El casco urbano combina construcciones tradicionales con espacios verdes amplios. La Plaza Principal, con su arbolado añoso y edificios públicos de estilo clásico, funciona como punto de encuentro. A su alrededor se despliega una trama de calles tranquilas, donde la vida transcurre sin apuro.
En las afueras, el escenario cambia: campos dedicados a la producción ovina y bovina, tambos y establecimientos rurales que abren sus tranqueras al turismo. Es en esas estancias donde el visitante empieza a notar la conexión con modelos productivos asociados a tierras neozelandesas, sobre todo por la presencia de razas ovinas específicas y técnicas de manejo.

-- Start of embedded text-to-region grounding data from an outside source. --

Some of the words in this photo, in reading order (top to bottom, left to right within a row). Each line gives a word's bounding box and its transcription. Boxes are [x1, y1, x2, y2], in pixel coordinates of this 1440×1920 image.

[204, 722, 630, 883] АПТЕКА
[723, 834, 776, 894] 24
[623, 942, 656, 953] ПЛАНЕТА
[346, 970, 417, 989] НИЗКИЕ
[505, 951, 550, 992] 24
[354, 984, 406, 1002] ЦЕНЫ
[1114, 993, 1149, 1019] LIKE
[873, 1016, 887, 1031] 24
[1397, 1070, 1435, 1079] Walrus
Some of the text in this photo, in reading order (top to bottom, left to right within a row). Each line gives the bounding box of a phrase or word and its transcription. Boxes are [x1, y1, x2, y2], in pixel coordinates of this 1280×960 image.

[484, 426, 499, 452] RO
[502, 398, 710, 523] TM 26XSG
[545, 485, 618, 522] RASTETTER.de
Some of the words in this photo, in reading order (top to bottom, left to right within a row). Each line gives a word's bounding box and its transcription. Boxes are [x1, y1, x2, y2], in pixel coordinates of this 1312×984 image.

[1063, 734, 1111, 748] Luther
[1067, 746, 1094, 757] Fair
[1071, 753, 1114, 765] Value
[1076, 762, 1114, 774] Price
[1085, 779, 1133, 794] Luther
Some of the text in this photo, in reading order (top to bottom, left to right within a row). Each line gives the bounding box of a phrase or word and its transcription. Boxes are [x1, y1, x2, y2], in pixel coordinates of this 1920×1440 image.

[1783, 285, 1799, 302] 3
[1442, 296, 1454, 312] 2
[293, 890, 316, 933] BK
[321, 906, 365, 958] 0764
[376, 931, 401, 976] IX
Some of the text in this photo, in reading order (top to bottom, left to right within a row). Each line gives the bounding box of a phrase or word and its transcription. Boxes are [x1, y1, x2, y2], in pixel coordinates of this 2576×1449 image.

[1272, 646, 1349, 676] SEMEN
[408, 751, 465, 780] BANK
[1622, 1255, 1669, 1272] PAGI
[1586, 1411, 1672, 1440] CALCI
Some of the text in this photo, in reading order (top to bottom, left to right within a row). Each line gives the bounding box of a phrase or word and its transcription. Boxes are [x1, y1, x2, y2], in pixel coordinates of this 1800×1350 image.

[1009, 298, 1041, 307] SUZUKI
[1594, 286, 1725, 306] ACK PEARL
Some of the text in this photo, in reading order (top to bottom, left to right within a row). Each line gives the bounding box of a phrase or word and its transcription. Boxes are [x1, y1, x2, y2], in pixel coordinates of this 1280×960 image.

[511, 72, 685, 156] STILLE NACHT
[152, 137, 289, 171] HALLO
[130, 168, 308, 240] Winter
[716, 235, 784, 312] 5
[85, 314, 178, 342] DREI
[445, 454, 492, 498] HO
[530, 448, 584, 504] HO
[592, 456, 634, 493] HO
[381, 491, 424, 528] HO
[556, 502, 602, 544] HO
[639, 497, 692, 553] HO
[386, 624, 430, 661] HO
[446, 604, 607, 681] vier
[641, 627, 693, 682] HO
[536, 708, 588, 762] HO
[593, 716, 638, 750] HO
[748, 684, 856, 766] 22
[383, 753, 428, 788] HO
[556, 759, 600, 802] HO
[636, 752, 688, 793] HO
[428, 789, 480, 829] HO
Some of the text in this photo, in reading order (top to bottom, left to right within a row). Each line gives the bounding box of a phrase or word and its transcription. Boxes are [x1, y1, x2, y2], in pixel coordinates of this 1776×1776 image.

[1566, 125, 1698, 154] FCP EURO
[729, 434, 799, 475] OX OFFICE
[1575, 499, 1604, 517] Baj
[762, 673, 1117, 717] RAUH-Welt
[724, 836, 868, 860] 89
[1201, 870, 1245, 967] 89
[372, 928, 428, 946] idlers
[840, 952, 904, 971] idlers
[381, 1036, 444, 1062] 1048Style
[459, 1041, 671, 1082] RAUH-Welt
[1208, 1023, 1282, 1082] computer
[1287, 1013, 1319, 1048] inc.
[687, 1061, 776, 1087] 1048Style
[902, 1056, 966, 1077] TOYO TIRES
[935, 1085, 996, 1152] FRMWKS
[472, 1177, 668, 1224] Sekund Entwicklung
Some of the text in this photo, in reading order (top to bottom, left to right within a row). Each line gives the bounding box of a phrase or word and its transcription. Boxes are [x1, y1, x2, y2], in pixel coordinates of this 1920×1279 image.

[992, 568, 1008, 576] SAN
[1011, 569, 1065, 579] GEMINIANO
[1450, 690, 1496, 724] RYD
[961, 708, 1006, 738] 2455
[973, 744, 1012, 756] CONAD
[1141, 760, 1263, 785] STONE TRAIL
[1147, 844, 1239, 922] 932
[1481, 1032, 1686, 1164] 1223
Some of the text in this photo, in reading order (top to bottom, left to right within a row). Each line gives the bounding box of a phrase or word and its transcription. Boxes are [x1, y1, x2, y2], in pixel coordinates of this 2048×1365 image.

Qué se puede hacer en Saladillo
La propuesta gira en torno al turismo rural. Muchas estancias ofrecen días de campo con asado, cabalgatas y recorridas por los corrales, donde se explica el proceso de esquila y el trabajo con lana. Para quien viene de la ciudad, ver de cerca esa rutina tiene algo de revelador.
También hay lagunas y cursos de agua ideales para la pesca deportiva y el avistaje de aves. En determinadas épocas del año, el paisaje se cubre de un verde intenso que refuerza la comparación con los prados oceánicos. No es una réplica exacta, pero la sensación está.
La agenda cultural incluye museos locales, ferias artesanales y fiestas populares vinculadas al calendario productivo. La Fiesta de la Galleta de Piso, por ejemplo, es una excusa perfecta para probar sabores tradicionales y charlar con productores. Ese intercambio directo, cara a cara, le da al viaje un tono más cercano, sin grandes puestas en escena.
Cómo ir hasta Saladillo
Desde la Ciudad de Buenos Aires, el acceso más directo es por la Ruta Nacional 205, un corredor clave que conecta el área metropolitana con el interior bonaerense. El trayecto en auto demanda alrededor de dos horas y media, dependiendo del tránsito.
También existen servicios de ómnibus que parten desde la terminal porteña y llegan al centro de la ciudad. Para quienes no cuentan con vehículo propio, es una opción práctica y relativamente accesible.
En tiempos donde muchos buscan escapadas cortas, con identidad y sin multitudes, Saladillo aparece como una alternativa para tener en el radar. Campo abierto, producción ovina y aire de otra latitud en plena provincia de Buenos Aires: una combinación que, para más de uno, termina siendo una sorpresa grata.